MAQUILLIA'S WELL, THE GLEN, BALLYMARTIN

-------and------

THE STORY OF THE MAID OF MOURNE SHORE


Mr. Marks points to Maquillia's Well

        From Walmsley's shady groves, where the Mallagh stream, like Tennyson's "Brook", flows to join the brimming river, we made our way to The Glen ay Ballymartin.  This is a little known beauty spot - one of the most picturesque glens in the county, or any other county for that matter.  A lovely little land just opposite Ballymartin Post Office leads to the glen alongside the banks of a murmuring stream that sings its song to generation after generation, never seeming to grow weary of its soft refrain.  On it flows past the neat white cottages set in sylvan beauty until it reaches the sea.  We admired very much the beautiful vista of the hawthorns in their bridal array and the lofty cliffs, in the shady sides of which the sand martins in dozens were fluttering to and from their nests.
      But what we particularly wanted to see was "Maquillia's Well", for we had heard Hugh speak of John Adair's public house at Bally- martin, which closed its doors almost a century ago.  It was a celebrated hostelery and there was a song about it.  Hugh only remembered one verse, which he quoted :
            "There's wan advice A'll gie ye, John,
             An' it isn't hard to tell,
             It's do not visit aften that place Maquillia's Well,
             But keep yer whuskey, stout, and strong,
             An' lit no religion interfare,
             For a shillin's good from ony man,
             While in the han's o' John Adair.
      According to Hugh, the rub was that Mr. Adair's whiskey wasn't just as potent as it should have been - he was making too free with the water whether it came from Maquillia's Well or not.  There is certainly nothing very spectacular about the well.  It is just an ordinary little spring well, but we sampled the water and found it refreshingly cold.

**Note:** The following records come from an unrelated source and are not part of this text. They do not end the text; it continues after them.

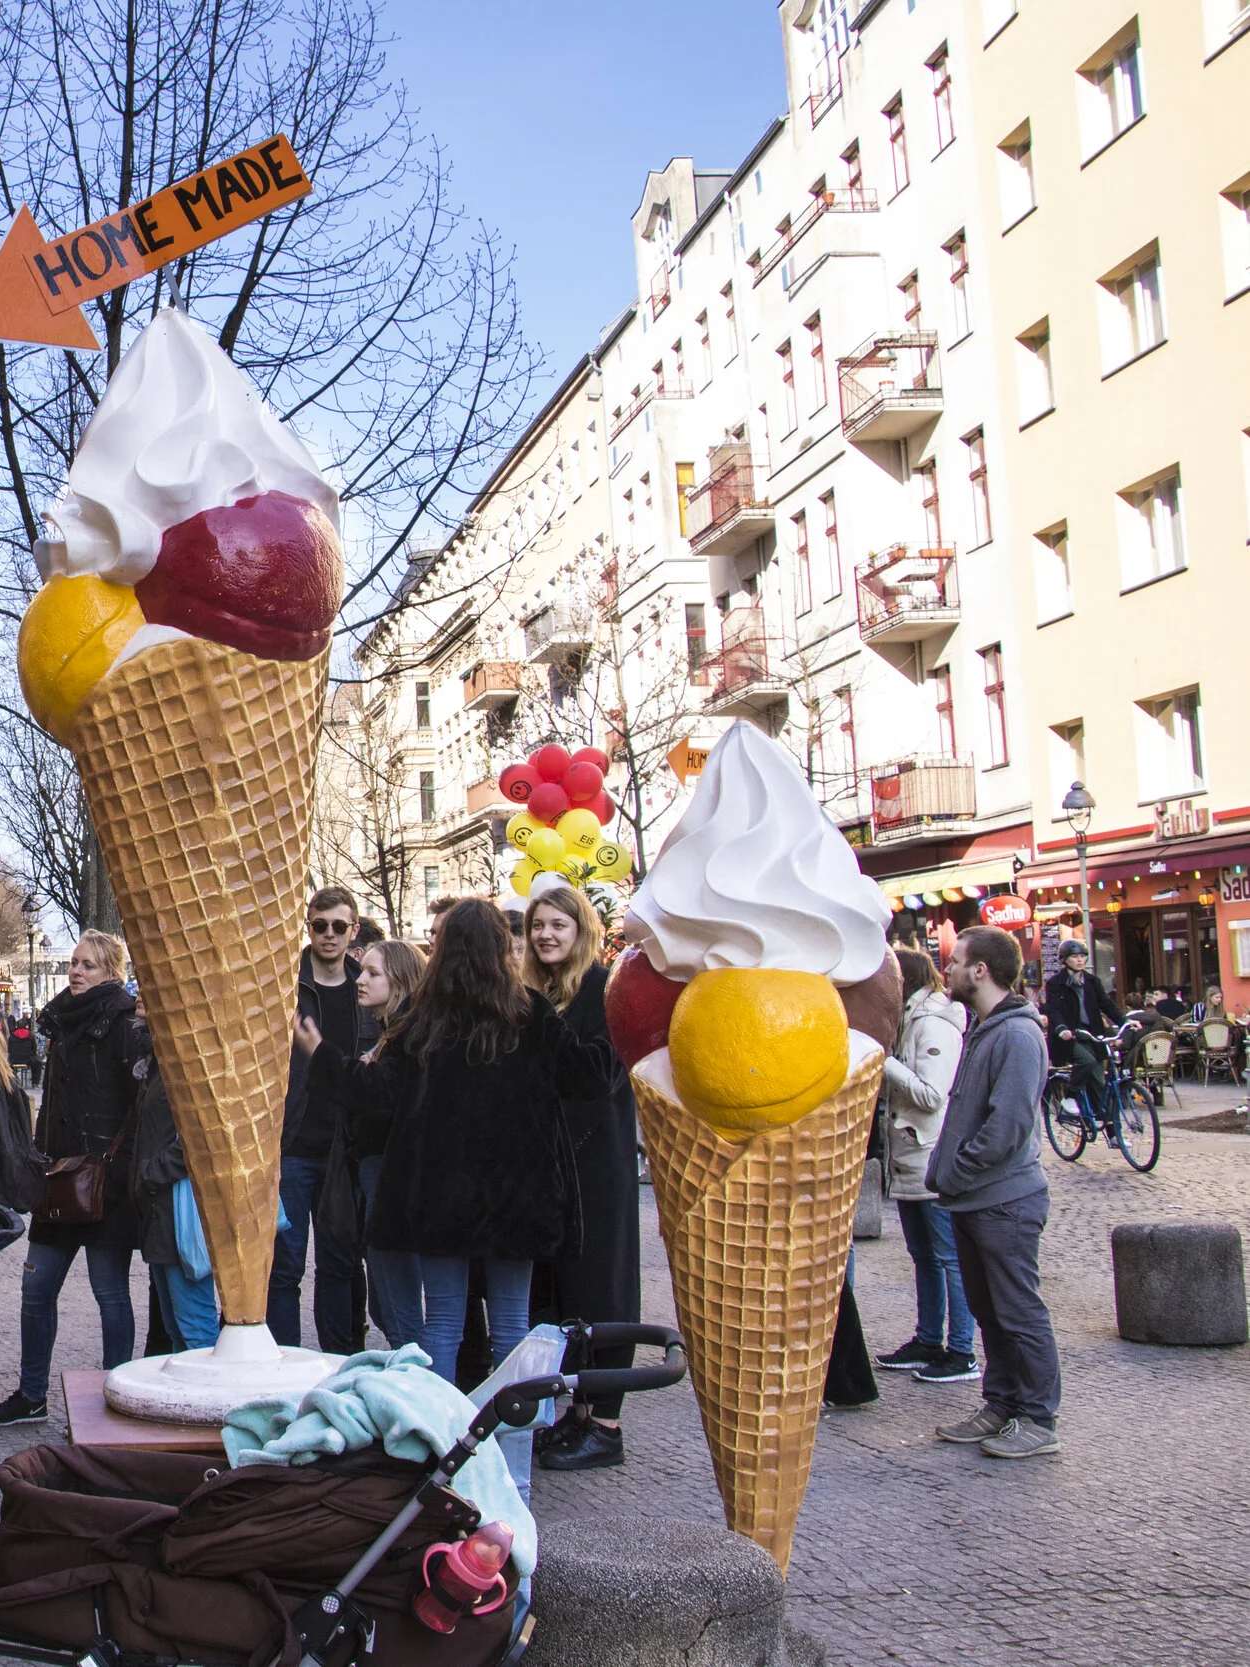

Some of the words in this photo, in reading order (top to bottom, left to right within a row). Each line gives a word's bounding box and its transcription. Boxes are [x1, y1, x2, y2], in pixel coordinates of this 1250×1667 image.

[33, 197, 174, 297] HOME
[172, 138, 303, 232] MADE
[686, 751, 710, 769] HOM
[1153, 799, 1210, 842] Sadhu
[579, 834, 595, 846] EIS
[986, 904, 1026, 923] Sadhu
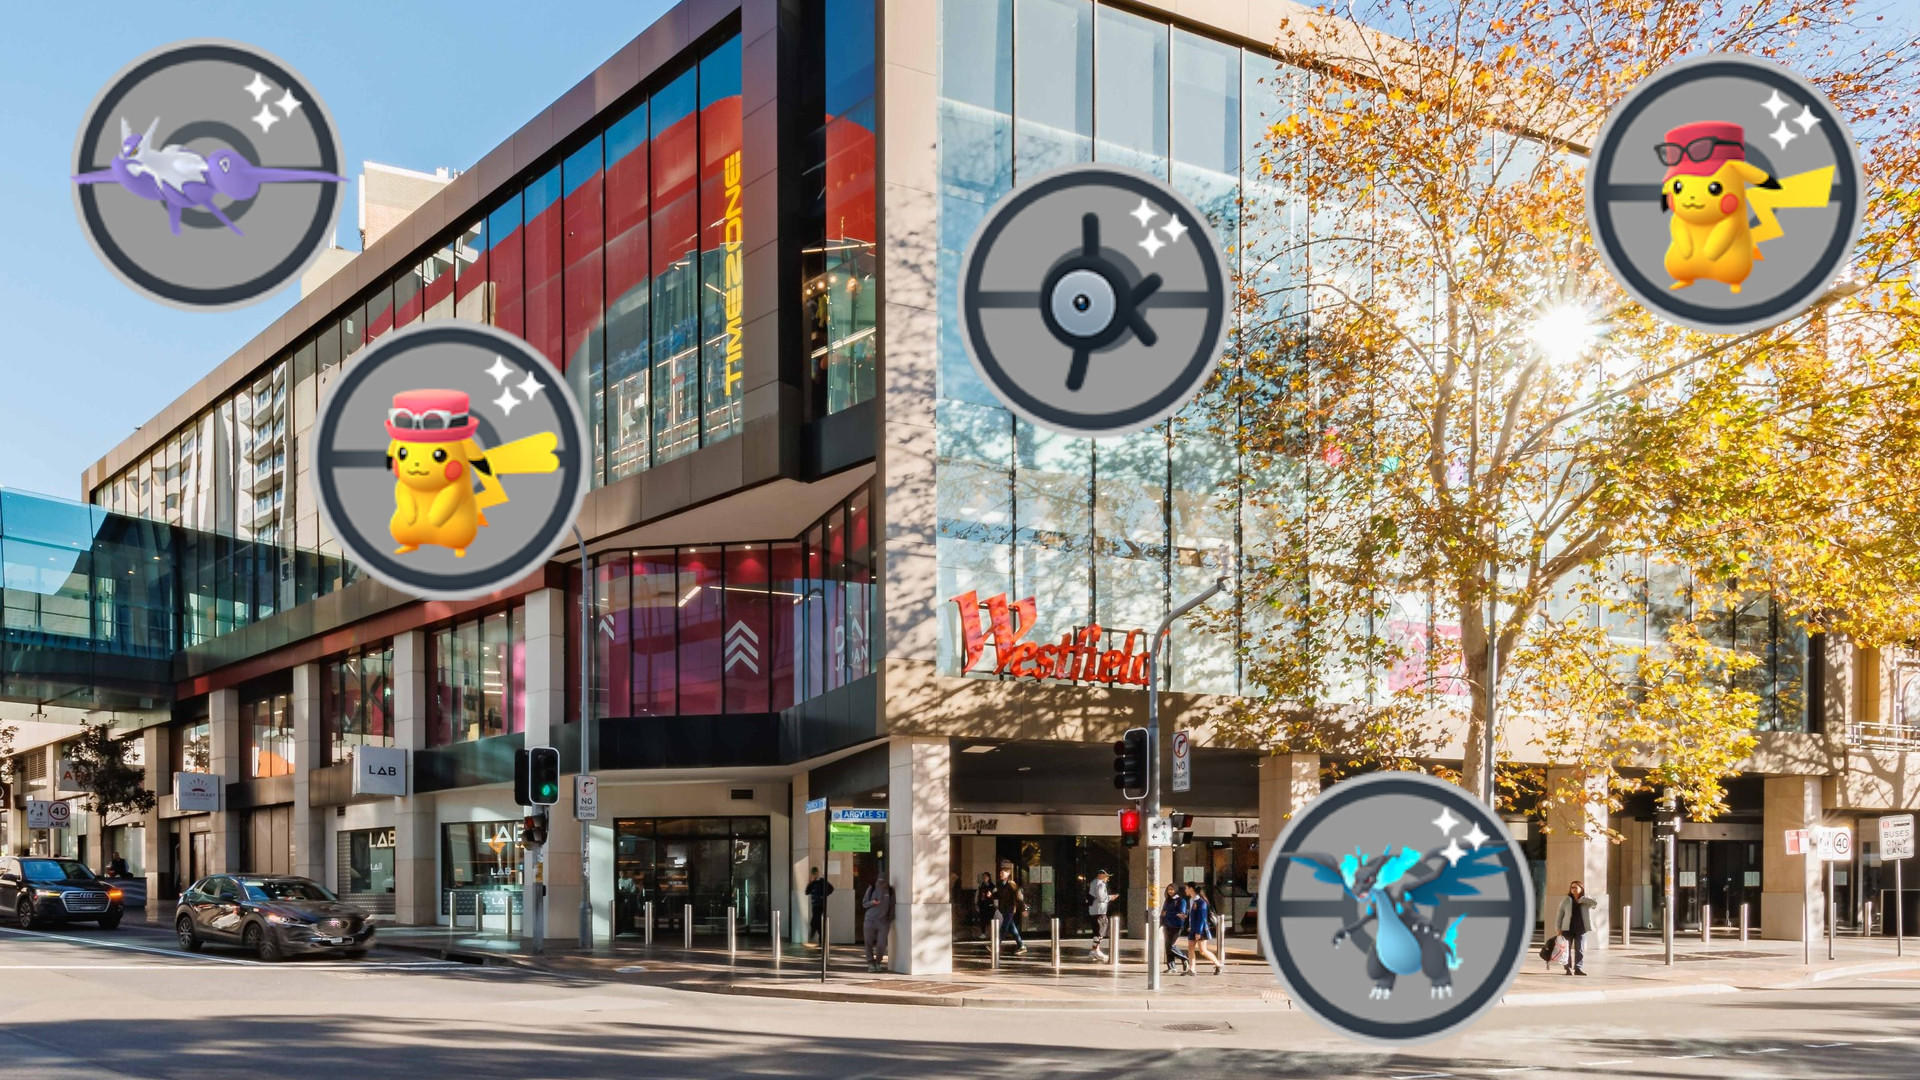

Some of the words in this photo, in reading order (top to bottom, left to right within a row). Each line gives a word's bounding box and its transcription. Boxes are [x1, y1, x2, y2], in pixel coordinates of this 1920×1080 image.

St. Luan's Shrine at Ballyveamore

         Miss Annie Charleton, an old resident of Ballymartin,  now deceased, used to say that a saint once had a shrine there - St. Maquilla - and I gathered from Miss Charleton that the saint was a “she”,  but no trace of such a saint can be found in the calendar,  though O’Laverty in his  “History of Down and Connor”  refers to another saint, Saint Luan or St. Lua (St. Luan’s Shrine at Ballyveamore). “In the townland of Ballyveaghmore”,  he says,  “there is a place called Killmologe; the people have lost every tradition regarding it, yet the place is considered gentle and it is therefore wonderfully well preserved. Kilmologue signifies the Church of St. Luam or St. Lua.” When Monsignor O’Laverty wrote this in 1878 the place was,  no doubt,  “wonderfully well preserved”,  but now there is not a vestige of the shrine to be seen.  It was situated on the farm of Mr. John Moore,  Ballyveamore,  and now in the occupation of Mr. James Annett. I heard an old man say that he remembered a time some priests came to excavate there and unearthed an ancient chalice and other sacred vessels.  I visited the spot some few years ago in the company of Professor Evans and Dr. Moley, Q.U.B.,  but there was little to be seen. The place is locally known as John Moore’s “forth”.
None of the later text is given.